La autonomía de las comunidades y obras

Cada vez que planteo en cualquier foro que hay asuntos que hay que llevar de forma centralizada desde la administración provincial, siempre hay alguien que me responde diciendo que hay que respetar la autonomía de las comunidades y obras. Más aún, me dice que hay que respetar la “justa” autonomía de las comunidades y obras. Como si la idea de centralizar estuviese conectada directamente con la injusticia o supusiese la invasión de competencias que no son suyas.

Vamos a poner un ejemplo que nos pueda iluminar. A la hora de contratar a algún trabajador, tanto comunidades como obras o actividades, reclaman su autonomía.

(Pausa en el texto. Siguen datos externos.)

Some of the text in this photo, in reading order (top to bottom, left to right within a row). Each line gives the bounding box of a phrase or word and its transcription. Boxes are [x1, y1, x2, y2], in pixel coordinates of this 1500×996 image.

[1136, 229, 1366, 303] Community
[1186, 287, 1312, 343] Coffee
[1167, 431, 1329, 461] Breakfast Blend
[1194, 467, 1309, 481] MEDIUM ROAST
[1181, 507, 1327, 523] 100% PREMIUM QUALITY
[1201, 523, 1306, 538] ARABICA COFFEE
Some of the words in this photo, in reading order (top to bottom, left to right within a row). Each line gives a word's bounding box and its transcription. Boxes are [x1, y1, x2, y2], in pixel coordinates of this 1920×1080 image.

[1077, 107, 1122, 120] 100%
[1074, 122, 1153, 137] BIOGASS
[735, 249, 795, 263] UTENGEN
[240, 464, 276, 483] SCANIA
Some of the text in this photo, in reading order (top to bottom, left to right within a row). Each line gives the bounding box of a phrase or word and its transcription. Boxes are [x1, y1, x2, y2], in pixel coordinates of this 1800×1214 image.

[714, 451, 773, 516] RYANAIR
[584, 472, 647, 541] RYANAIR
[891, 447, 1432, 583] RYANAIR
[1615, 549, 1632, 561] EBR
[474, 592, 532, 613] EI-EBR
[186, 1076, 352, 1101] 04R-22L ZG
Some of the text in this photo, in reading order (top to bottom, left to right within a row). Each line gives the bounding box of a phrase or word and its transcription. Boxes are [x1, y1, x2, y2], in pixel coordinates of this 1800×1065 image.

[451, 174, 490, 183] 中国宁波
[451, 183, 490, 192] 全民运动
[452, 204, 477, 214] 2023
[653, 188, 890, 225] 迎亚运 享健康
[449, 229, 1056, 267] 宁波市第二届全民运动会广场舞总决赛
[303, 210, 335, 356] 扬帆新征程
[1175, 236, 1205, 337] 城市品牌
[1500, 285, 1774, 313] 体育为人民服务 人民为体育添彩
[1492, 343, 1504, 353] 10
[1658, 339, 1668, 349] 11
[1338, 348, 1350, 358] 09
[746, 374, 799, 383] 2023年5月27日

Ellos son los que conocen sus necesidades, tienen en cuenta el contexto, etc., etc. Y así se hace. Y se contrata a la persona. La comunidad y/o la obra se apañan para preparar el contrato en contacto con su gestoría. Y todos felices. Lo malo es que a veces la felicidad no dura mucho y llegan los problemas. Y, ¡ay!, cuando llegan los problemas inmediatamente se recurre a la administración provincial para que eche una mano. Esto no me lo invento sino que me lo dice la experiencia. Digo yo que, si a la hora de los problemas, se recurre a la administración provincial, también sería lógico que a la hora primera, al momento de la contratación, también la administración provincial tuviera algo que decir. Eso sí, siempre respetando la “justa” autonomía (leerlo con un cierto tono irónico).

Más todavía es “justo” que intervenga la administración provincial en esos temas si se tiene en cuenta que el compromiso no lo asume la comunidad sino la provincia, que es la que, al final, responde de esas obligaciones laborales. Más todavía si se tiene en cuenta la movilidad de las personas, que hoy están en esta comunidad y mañana pasan a otra.

Como siempre, podría ofrecer muchos más ejemplos. La realidad es que no se trata de quitar a nadie su “justa” autonomía sino de reconocer humildemente que este mundo de las leyes y los negocios es demasiado complicado hoy para que la mayoría de nuestras comunidades y obras lo afronten en soledad. La realidad es que es mejor trabajar juntos antes que desconfiar de que el otro esté invadiendo mis competencias. La realidad es que la administración provincial dispone de mejores recursos para afrontar esas situaciones, para buscar soluciones, para –en definitiva– facilitar la vida de los administradores de comunidades y actividades.

Porque sólo se trata de eso, de ayudar, de acompañar, de trabajar todos en la tarea común que es la administración: poner nuestros bienes y recursos, siempre escasos, al servicio de la misión y de las personas.

Lo malo es que algunos, personas, institutos… viven todavía con una mentalidad de convento, de monasterio independiente y ven la intervención de la administración provincial como una intrusión inaceptable en los derechos de las comunidades. Ese tiempo ya paso. Las comunidades son ahora mucho más pequeñas, más volátiles, menos estables. Los que la forman están más dedicados a la misión y todo lo que sea facilitarles la vida y ahorrarles tiempo dedicado a tareas administrativas es mejor para la misma misión. Y, déjenme decir otra cosa. Nuestras comunidades están formadas ahora generalmente por personas mucho más mayores. Más allá de las nostalgias, siendo realistas, necesitan más ayuda. En los temas de administración y quizá en otros. ¡Realismo!

Por eso, vamos a reconocer que no se trata de quitar la “justa” autonomía a nadie. Sino de ayudar, acompañar y tratar de evitar entre todos, con la debida supervisión, que se cometan errores y despilfarros, que no nos hacen bien a nadie.